Per capire la portata della svolta serve un dato secco. Fino a oggi, ogni vettura europea sbarcata in Sudamerica veniva caricata di una tariffa doganale del 35 per cento. Tradotto in soldoni: una berlina prodotta in Germania, in Italia o in Francia arrivava nei concessionari di San Paolo o Buenos Aires con un sovrapprezzo che la rendeva quasi inavvicinabile per la stragrande maggioranza dei consumatori locali. A questo si aggiungeva una tassazione tra il quattordici e il diciotto per cento sui ricambi auto, una stretta che zavorrava anche l'aftermarket e l'intera filiera della componentistica.
Con l'entrata in vigore dell'accordo, questo muro tariffario inizia il suo smantellamento progressivo. Non è un crollo istantaneo ma una demolizione controllata, distribuita su anni, con l'obiettivo finale di azzerare quasi del tutto le barriere doganali. Il novantuno per cento delle esportazioni europee verso il Mercosur sarà gradualmente liberato, mentre il novantacinque per cento dei prodotti sudamericani potrà entrare in Europa con condizioni analoghe.
I numeri messi nero su bianco dalla Commissione europea parlano da soli. Nel 2024 l'export di veicoli a motore dall'Europa verso il blocco sudamericano si è fermato a 4,8 miliardi di euro.
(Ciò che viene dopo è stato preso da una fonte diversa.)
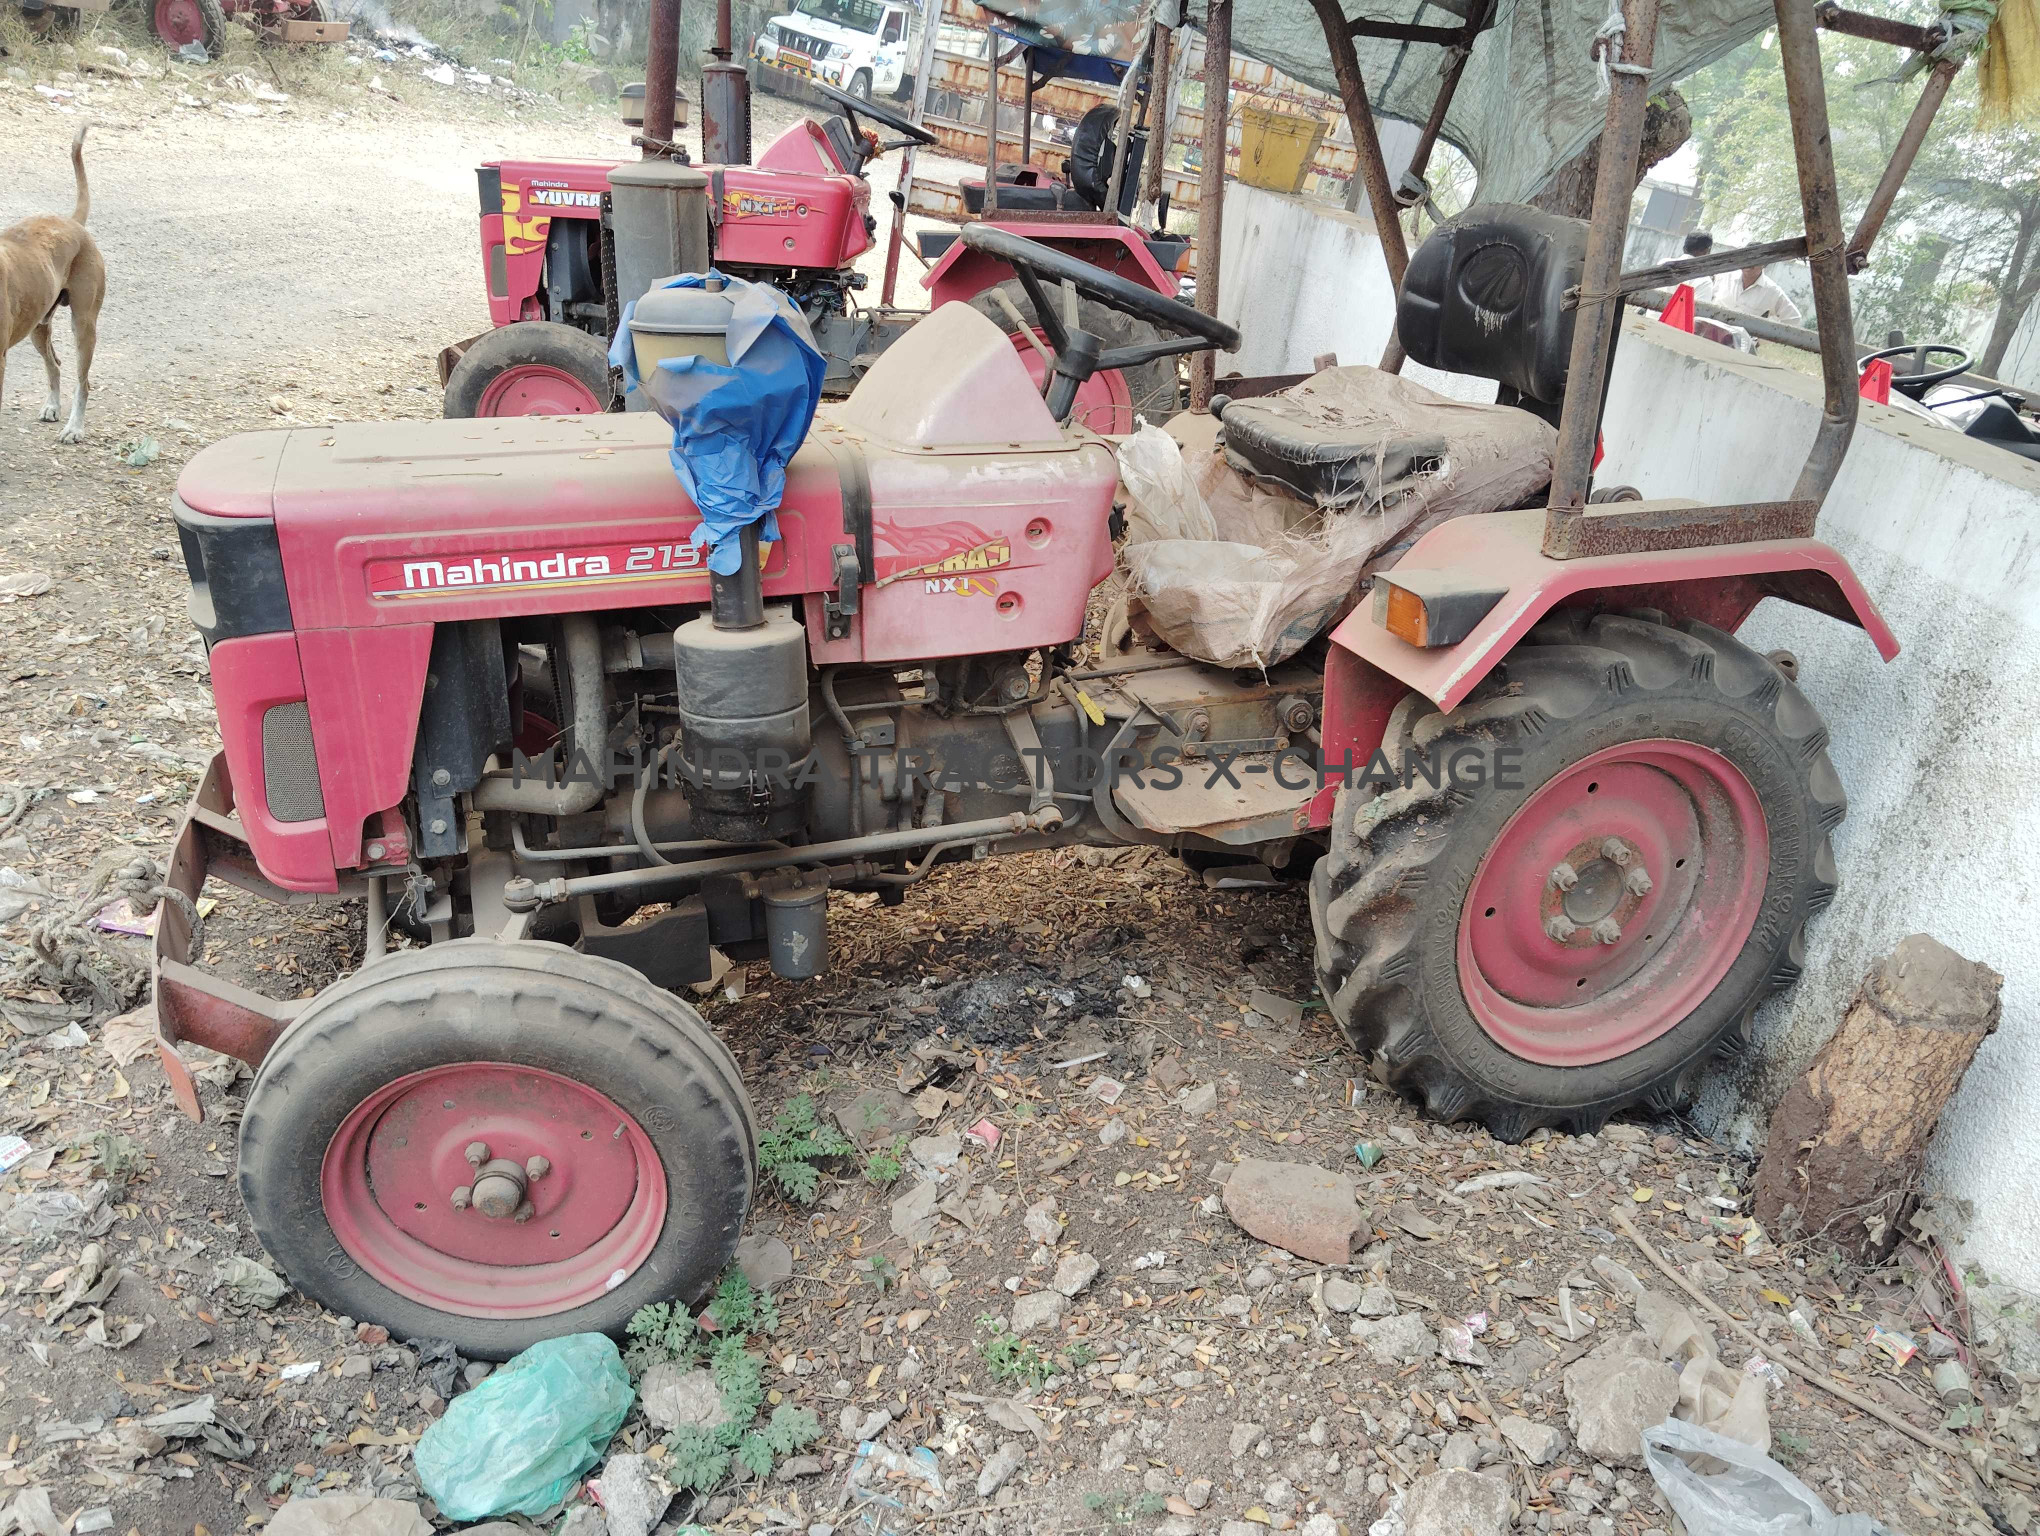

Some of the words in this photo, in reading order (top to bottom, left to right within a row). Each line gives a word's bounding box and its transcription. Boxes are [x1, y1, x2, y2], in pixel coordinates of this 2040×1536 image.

Una cifra dignitosa ma compressa, strangolata dalle tariffe. Le stime di Bruxelles, però, vedono lontano: entro il 2040 quel valore potrebbe lievitare del duecento per cento, con venti virgola sette miliardi di euro aggiuntivi rispetto ai livelli attuali.
In altre parole, il settore della fabbricazione di automobili è quello che, secondo le proiezioni comunitarie, beneficerà più di ogni altro dell'apertura sudamericana. Un boom che si gioca su un bacino di 270 milioni di consumatori, una platea enorme dove la motorizzazione individuale è ancora in piena espansione e dove i marchi europei godono di un appeal storico che gli ultimi anni di concorrenza asiatica avevano cominciato a scalfire.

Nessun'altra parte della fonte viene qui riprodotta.